大橋悦夫努力は大切ですが、「血のにじむような努力までしなくても結果が出せる場所」を選ばないと、血みどろになったうえに惨敗する、という残念な結果になります。

最近このことについて改めて「そうだな」と思ったのですが、それは以下の一文を目にしたからです。

モットーは「大した努力をしなくても勝てる場所で、努力をしなさい」。予備校講師の仕事を選んだのも、数々の失敗の中で「人にものを教えることだけはうまくいった」からだそうだ。

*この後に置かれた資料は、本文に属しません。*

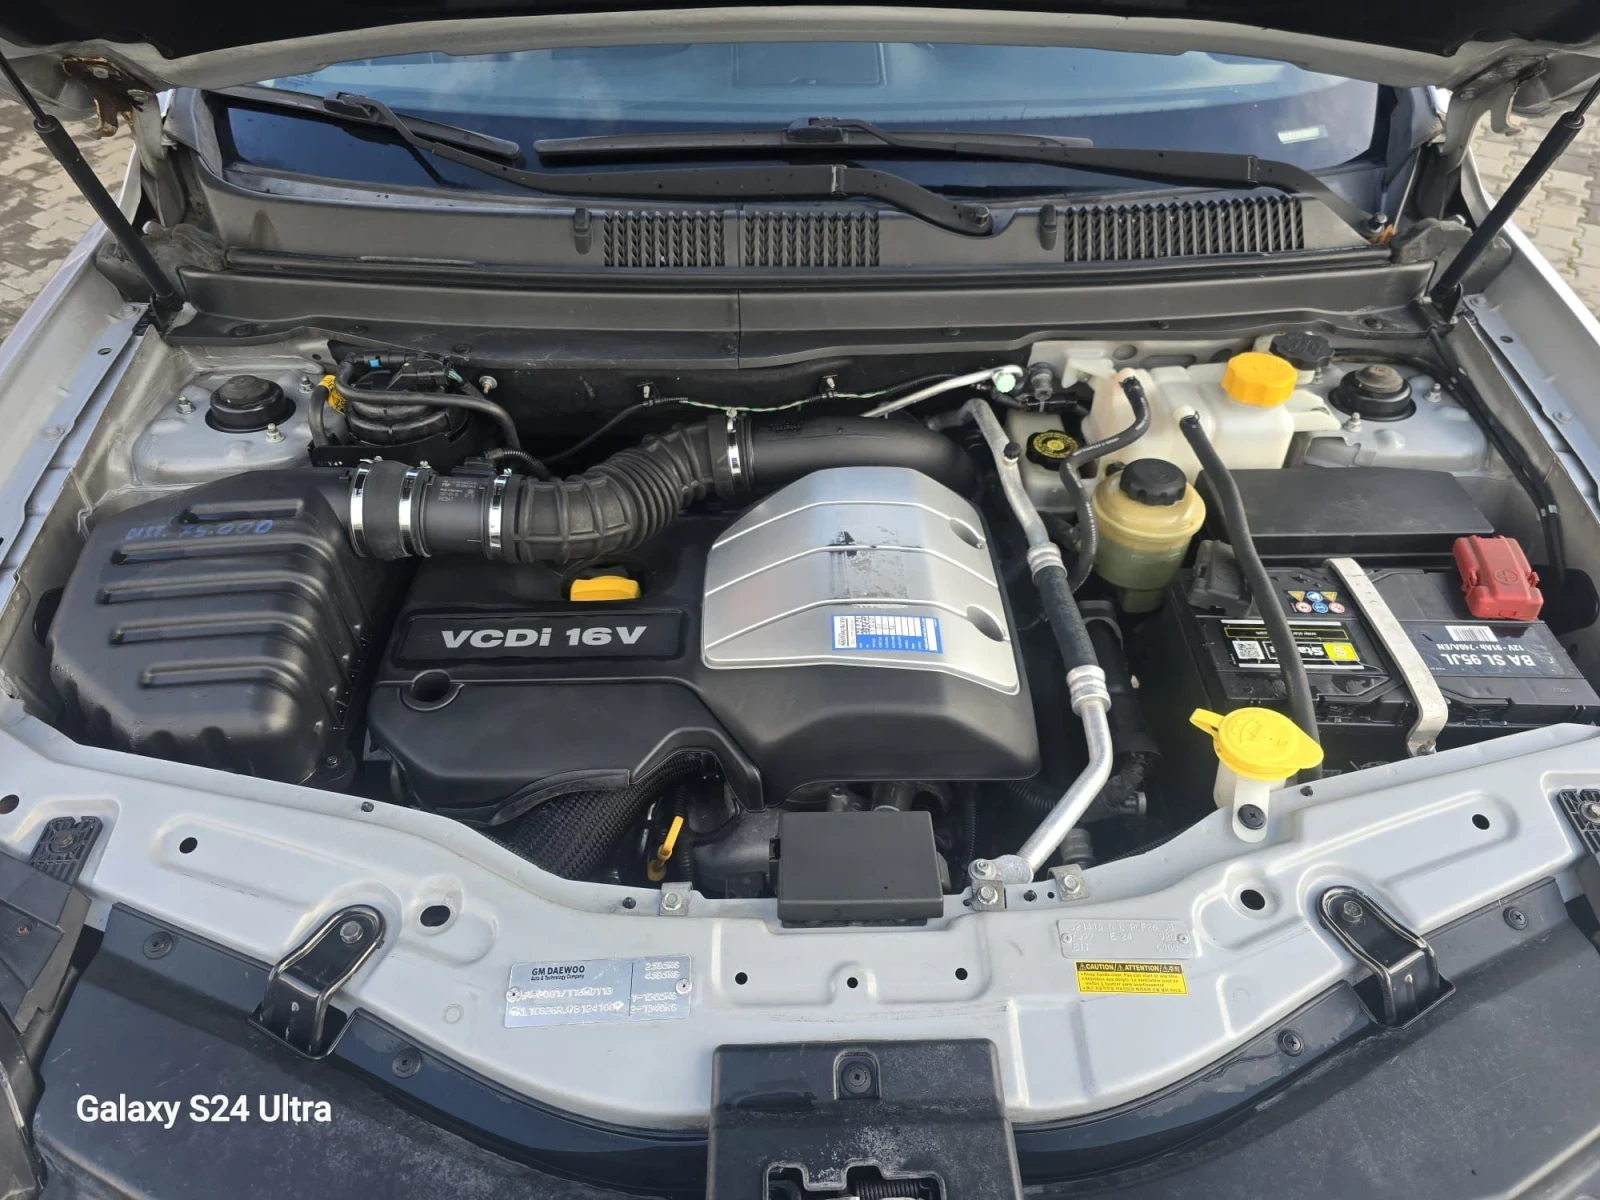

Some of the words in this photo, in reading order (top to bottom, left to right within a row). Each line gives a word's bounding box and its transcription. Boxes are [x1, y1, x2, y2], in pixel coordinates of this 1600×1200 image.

ここだけを読むと、「ラクしてトクする」みたいな「ズルさ」を感じさせるかもしれませんが、勝てない場所で戦うのは意味がありませんし、それ以前に続きません。

ここで思い出されるのがこのエピソード。

「偏差値40以下の中学生だけを教える家庭教師」

そこで彼女は戦略を変更する。「偏差値40以下の中学生だけを教える家庭教師」を始めたのだ。

彼女が家庭教師を始めた地区は、教育熱心な地域であったため、学習塾も数多くあったが、そのほとんどは勉強のできる子どもを対象とする、有名私学を目指す指導を行っているところばかりであった。彼女はそうした学習塾がまったく相手にしていない、勉強ができないけれど、せめて高校ぐらいは卒業しておきたい、と考える親とその子どもをビジネスの相手としたのである。

しかも彼女は「高校に無事に合格できたら特別ボーナスをいただきます」と成功報酬制の契約を結んだことから、初年度から大きく稼ぐことが可能となった。

彼女の短大出という弱みは、基礎から親切に教えてくれそう、苦労しているから弱い人の気持ちが分かる、と逆に強みになったわけである。(p.150)

『小さな会社・儲けのルール』という本に載っていた事例です。

世の中には「モテる」「モテない」という区別がありますが、「モテる」人は必ずしもあらゆる人からモテているわけではないはずです。死角、すなわち「モテる」人を嫌う人も当然います。

そういう人にもモテようと躍起になる人こそ「モテない」人ではないかと思うのです。

しなければならない努力は続かない

「努力」それ自体は無色ですが、目的が生じると色がつきます。

誰かから強制されて、あるいは立場上仕方なく重ねる「しなければならない努力」は灰色あるいは黒色かもしれません。やればやるほど気分が沈んでいくので、結果も出にくく、辛いので続きません。

そもそも出発点に自分の意志や欲求がないので、たとえ「やる気を出せ!」と言われても「君ならできる!」と発破をかけられても、できないものはできないのです。

欲しいものを手に入れるための努力はやめられない

一方、欲しいものが明確にあり「がんばれば手に入りそうだ」という見通しがあれば、それを手に入れるための「努力」はみなぎるやる気と闘志で真っ赤に染まるでしょう。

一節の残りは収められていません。